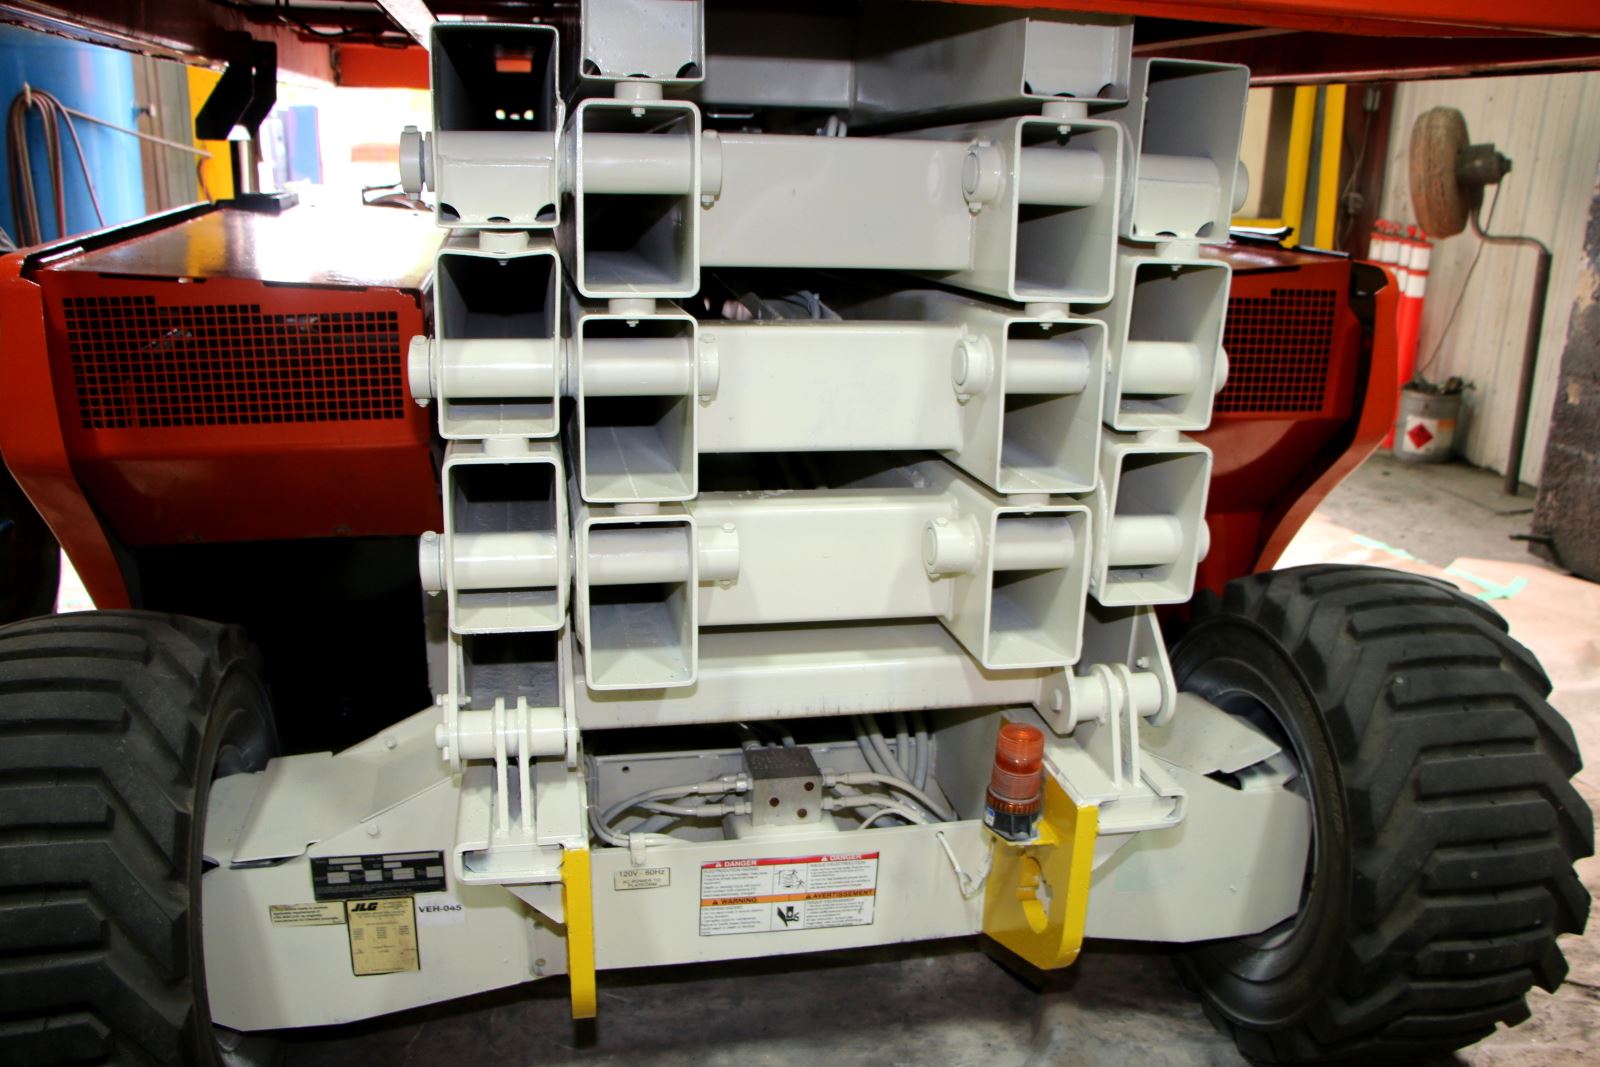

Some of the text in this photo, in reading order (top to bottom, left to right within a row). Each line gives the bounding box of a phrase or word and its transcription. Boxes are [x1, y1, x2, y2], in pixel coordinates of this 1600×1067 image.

[813, 889, 872, 899] AVERTISSEMENT
[720, 897, 758, 905] WARNING
[351, 902, 378, 912] JLG
[419, 904, 462, 913] VEH-045
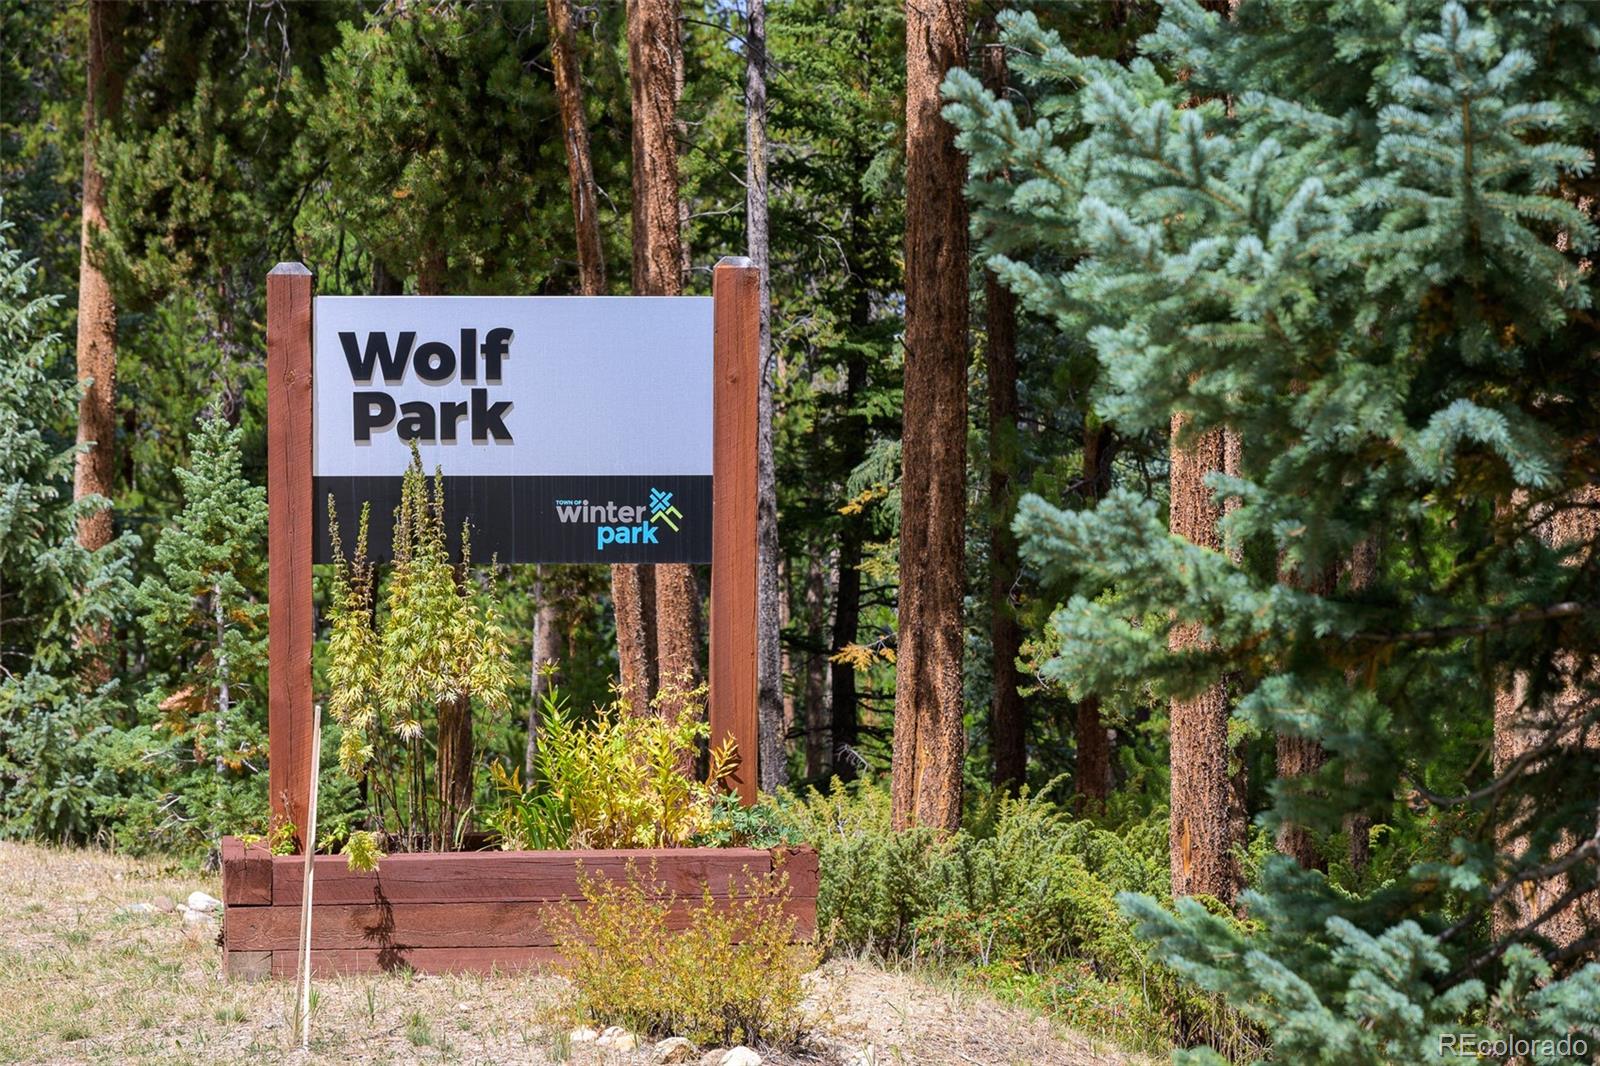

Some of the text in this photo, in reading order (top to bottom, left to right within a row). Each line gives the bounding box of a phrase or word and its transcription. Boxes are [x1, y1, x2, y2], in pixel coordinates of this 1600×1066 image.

[338, 327, 514, 382] Wolf
[353, 388, 514, 441] Park
[556, 499, 647, 523] winter
[597, 521, 659, 550] park

────

● **Task to complete**
Copy out exactly the lines running from the line with "this 1600×1066 image." to the end of the records, inclusive.

● **Answer box**
Some of the text in this photo, in reading order (top to bottom, left to right within a row). Each line gives the bounding box of a phrase or word and its transcription. Boxes are [x1, y1, x2, y2], in pixel coordinates of this 1600×1066 image.

[338, 327, 514, 382] Wolf
[353, 388, 514, 441] Park
[556, 499, 647, 523] winter
[597, 521, 659, 550] park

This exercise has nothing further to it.